Work order:
Your task is to transcribe exactly, and only, the lines running from the one with "this 1920×1080 image." to the end of the listing below, inclusive, with every picture left out.

Given data:
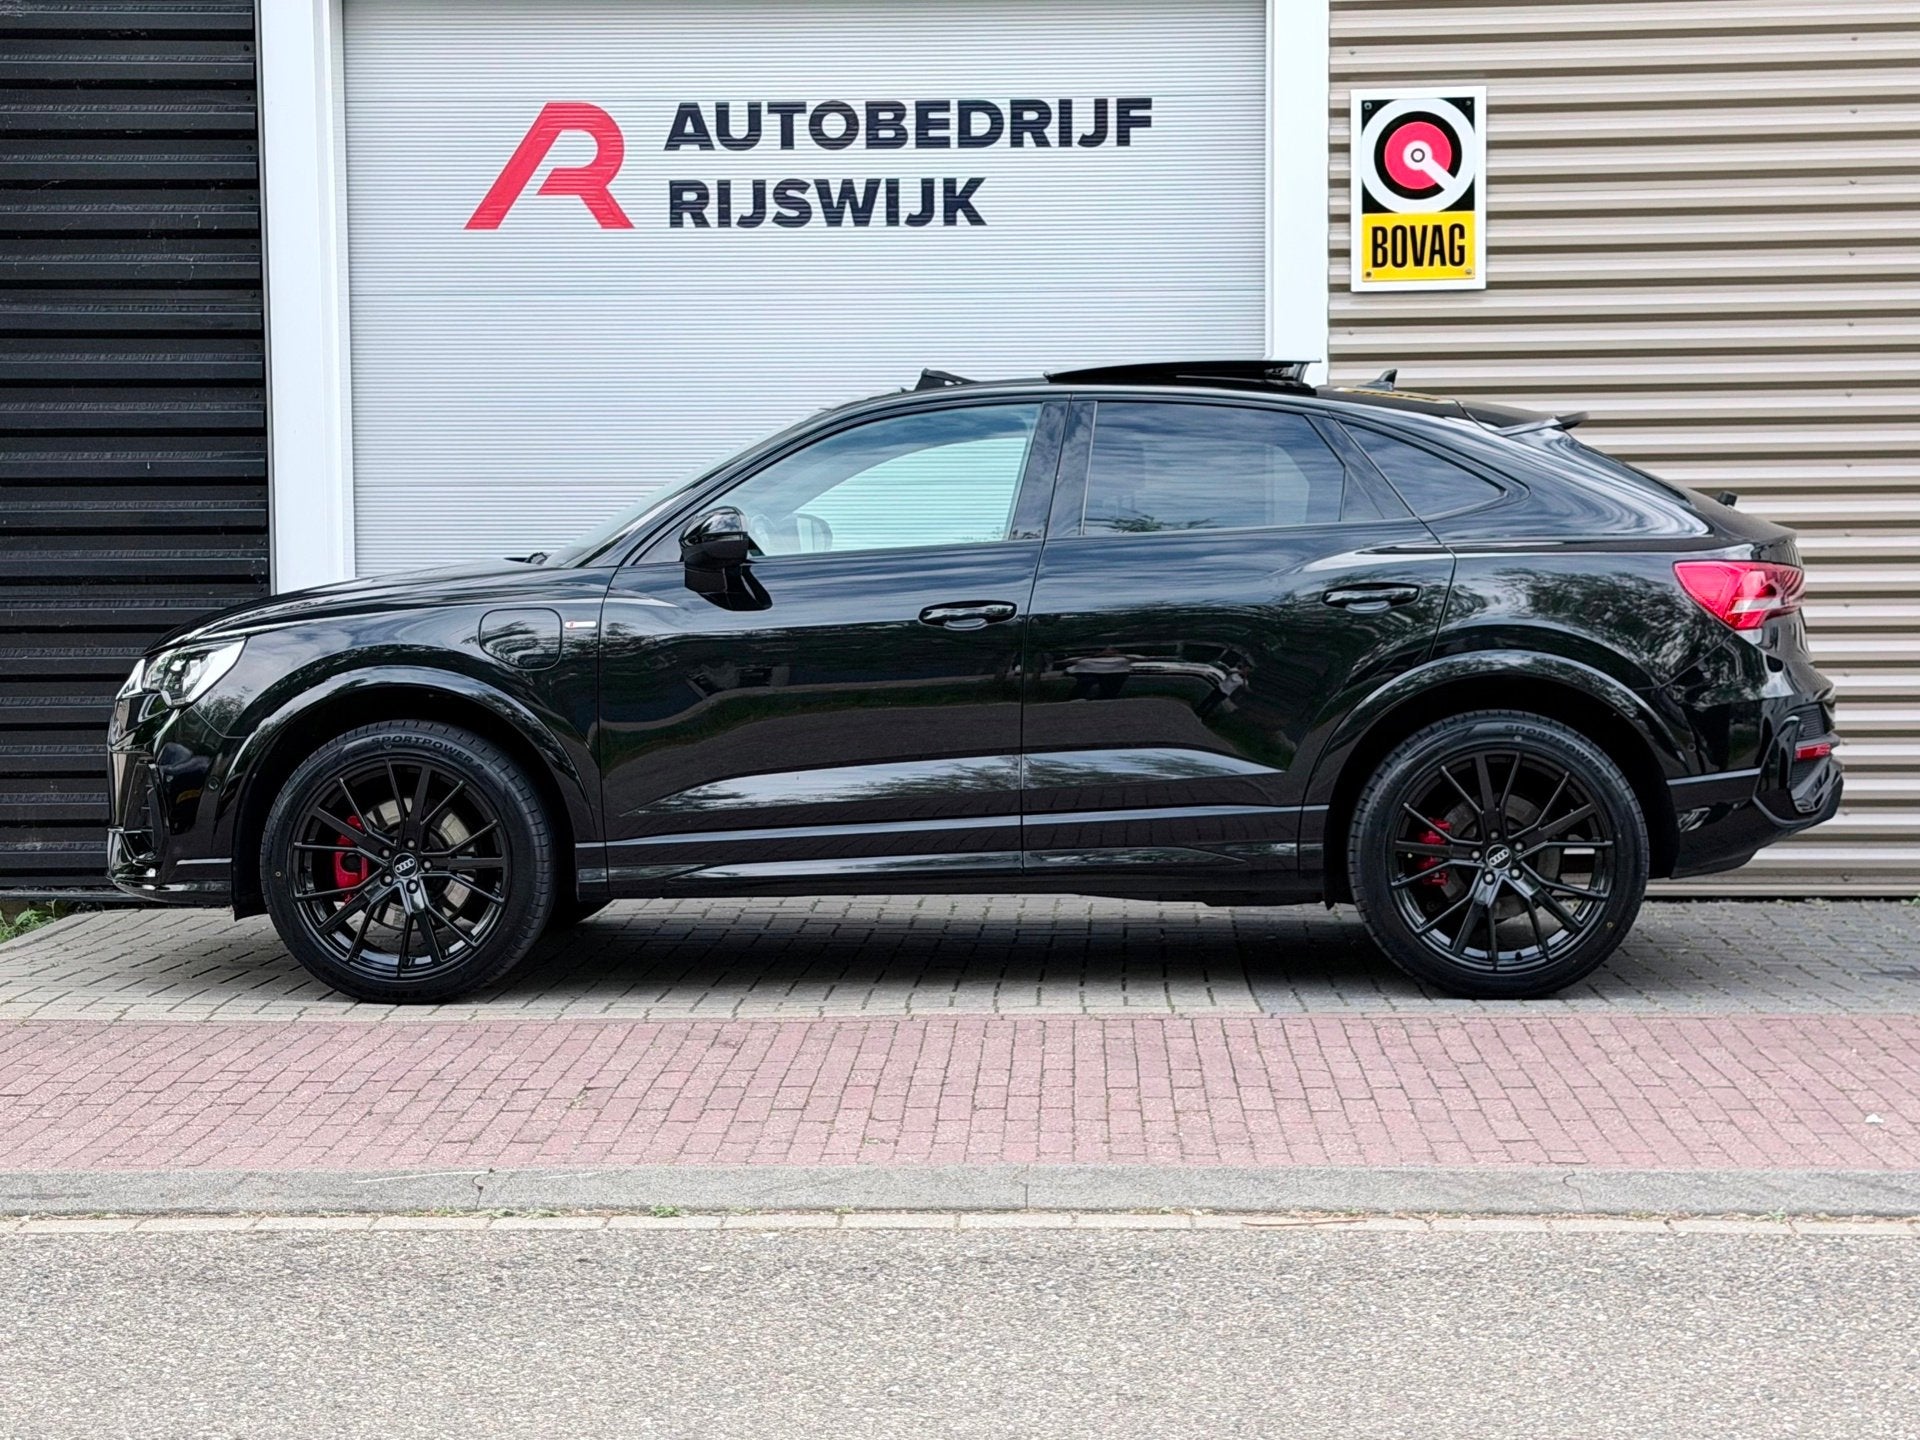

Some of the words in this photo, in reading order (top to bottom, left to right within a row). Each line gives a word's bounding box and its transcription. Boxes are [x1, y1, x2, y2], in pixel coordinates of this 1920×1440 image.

[664, 97, 1153, 151] AUTOBEDRIJF
[669, 177, 987, 229] RIJSWIJK
[1371, 223, 1466, 268] BOVAG
[371, 735, 474, 764] SPORTPOWER
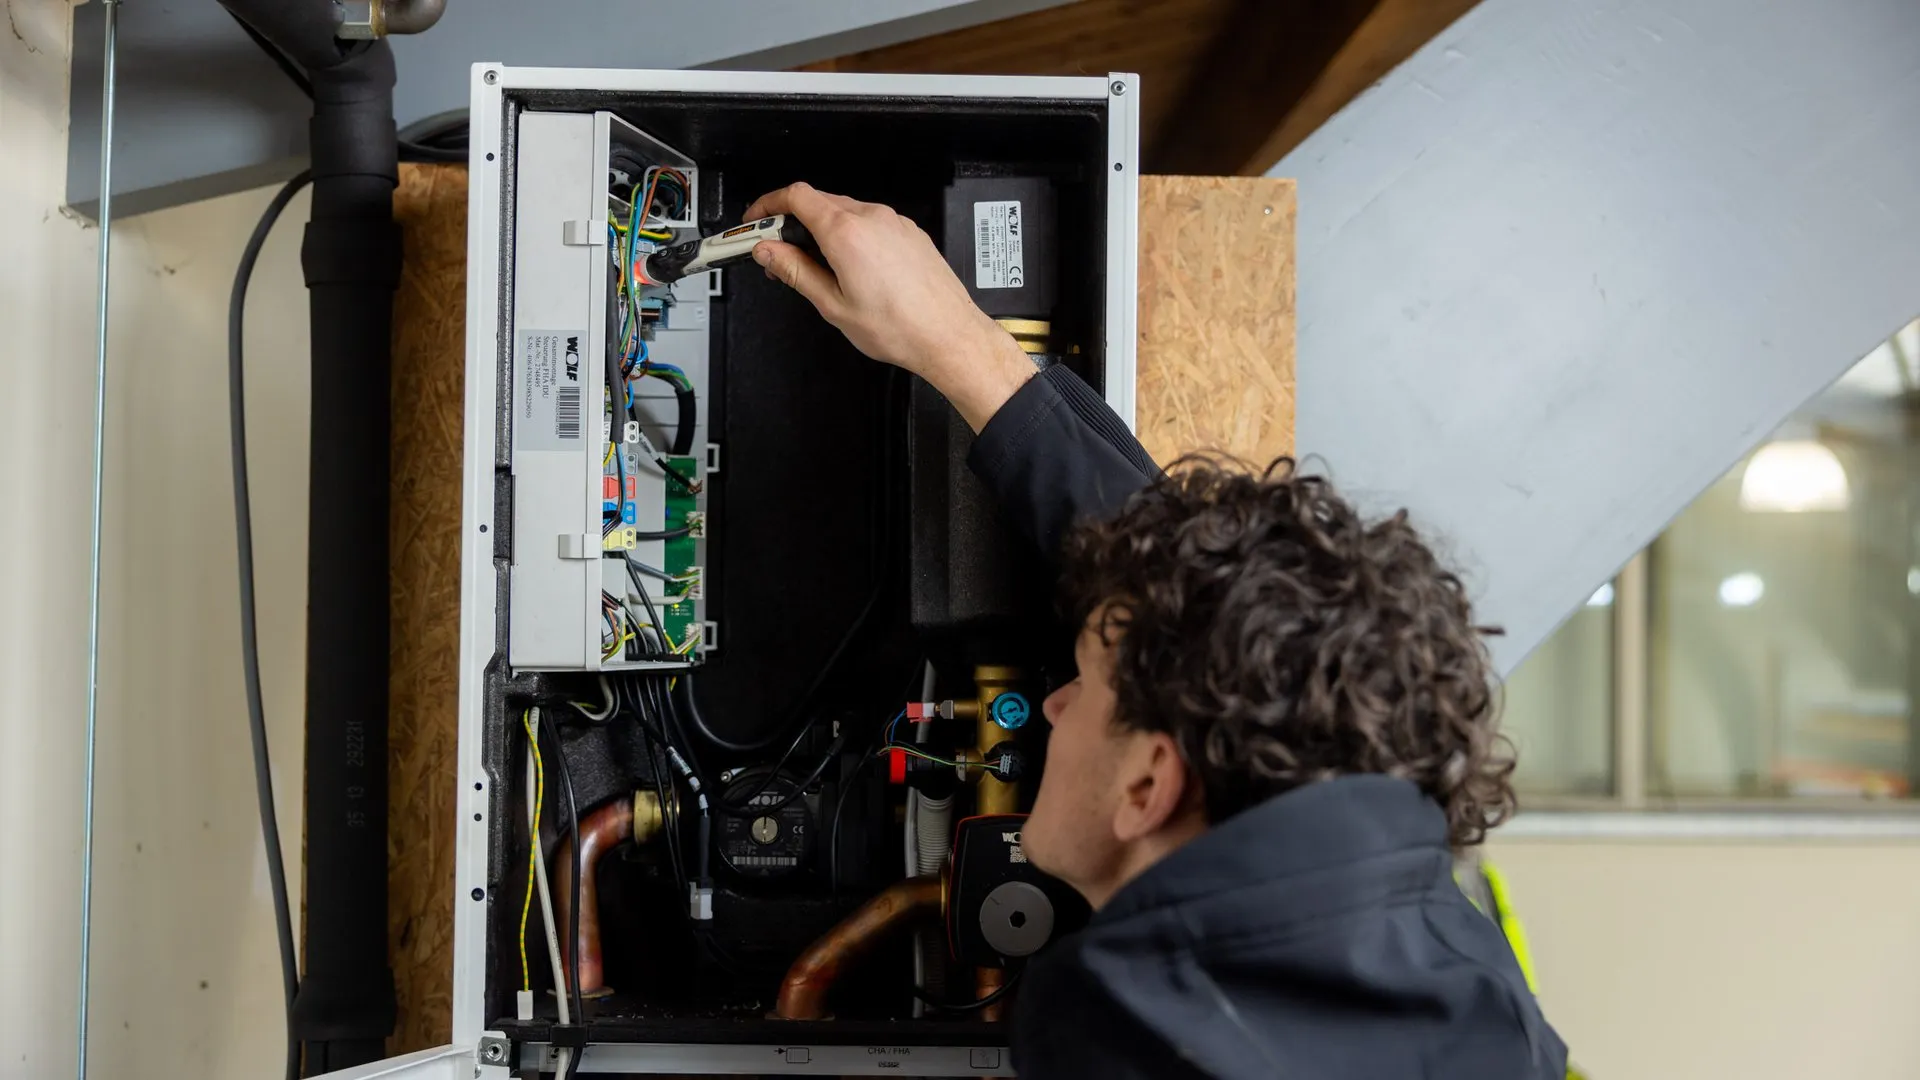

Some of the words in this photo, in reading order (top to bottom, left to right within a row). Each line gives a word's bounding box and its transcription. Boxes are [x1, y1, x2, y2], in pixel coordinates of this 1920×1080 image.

[1009, 206, 1018, 236] WOLF
[1010, 266, 1022, 285] CE
[542, 336, 550, 366] Steuerung
[550, 336, 559, 386] Gesamtmontage
[566, 336, 579, 381] WOLF
[867, 1047, 886, 1055] CHA
[893, 1047, 911, 1055] FHA
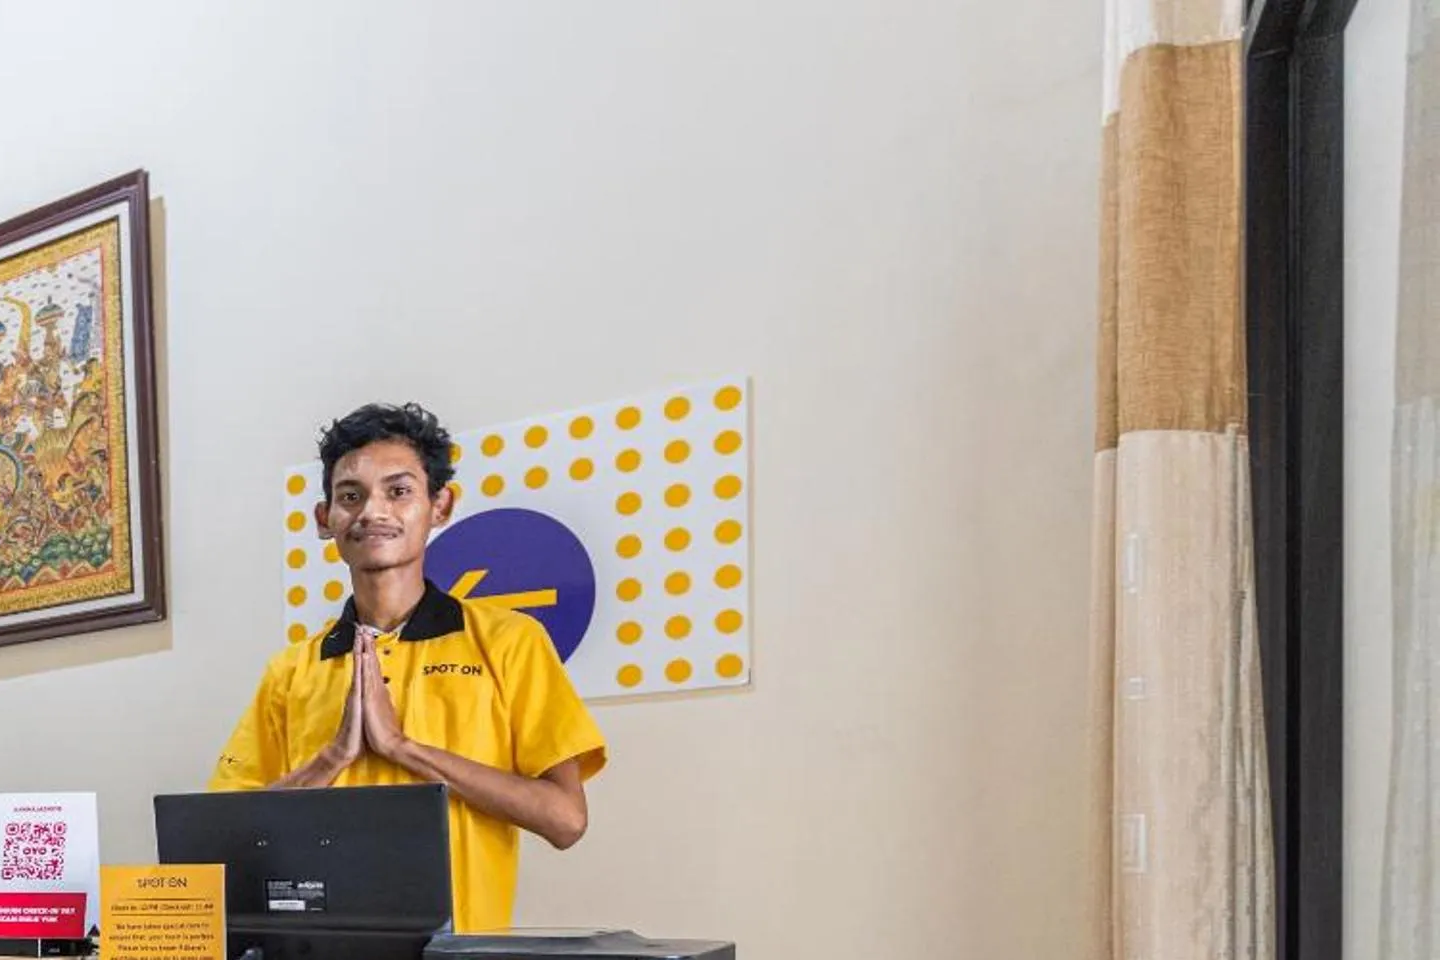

Completed task:
Some of the words in this photo, in reading order (top to bottom, left to right within a row). Each line gives a word's bounding box and its transcription. Boxes are [x1, y1, x2, y2], in pixel coordinates of this 1920×1080 image.

[1009, 206, 1018, 236] WOLF
[1010, 266, 1022, 285] CE
[542, 336, 550, 366] Steuerung
[550, 336, 559, 386] Gesamtmontage
[566, 336, 579, 381] WOLF
[867, 1047, 886, 1055] CHA
[893, 1047, 911, 1055] FHA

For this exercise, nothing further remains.